[Saved entries]
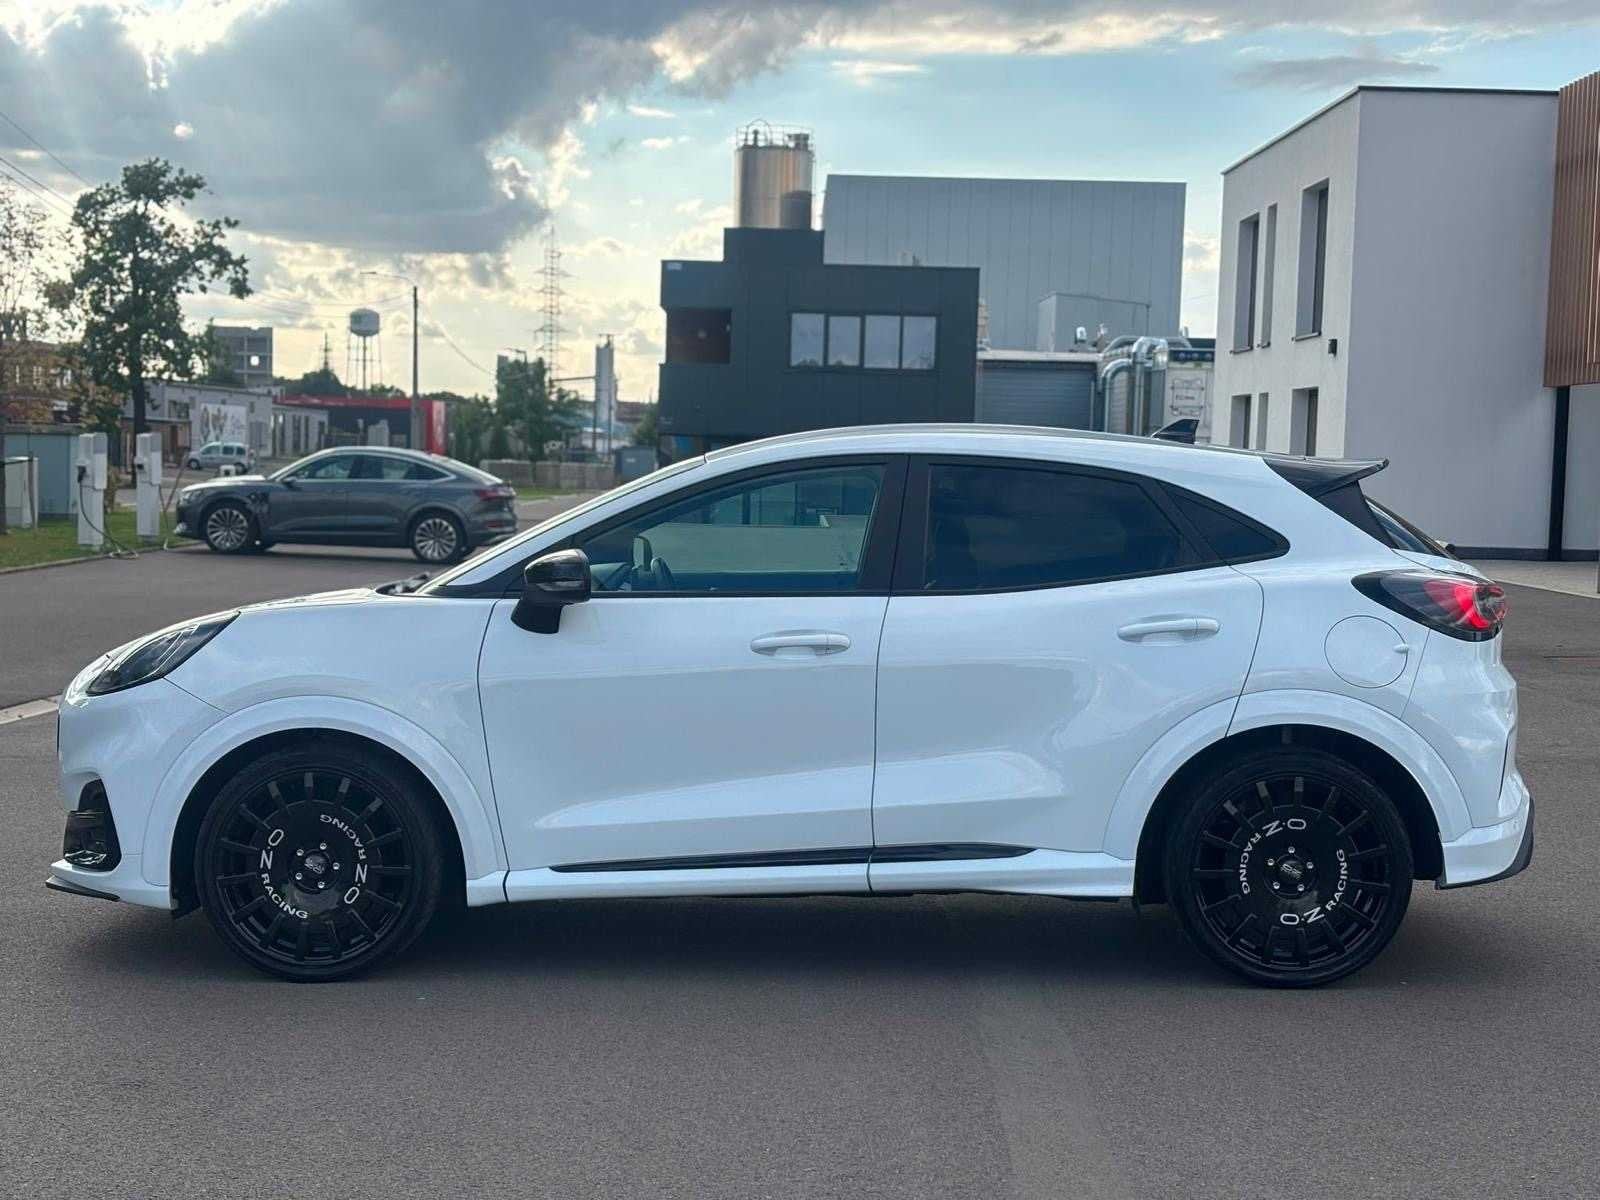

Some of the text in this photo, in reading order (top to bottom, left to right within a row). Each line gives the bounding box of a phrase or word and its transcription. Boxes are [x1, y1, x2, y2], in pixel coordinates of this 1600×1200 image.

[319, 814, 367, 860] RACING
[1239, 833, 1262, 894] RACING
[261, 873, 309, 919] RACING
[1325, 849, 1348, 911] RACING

* Work to be completed *
If any image appears in the entries, omit it and return the rest verbatim.

* Result of the task *
Some of the text in this photo, in reading order (top to bottom, left to right within a row). Each line gives the bounding box of a phrase or word and its transcription. Boxes are [x1, y1, x2, y2], in pixel coordinates of this 1600×1200 image.

[319, 814, 367, 860] RACING
[1239, 833, 1262, 894] RACING
[261, 873, 309, 919] RACING
[1325, 849, 1348, 911] RACING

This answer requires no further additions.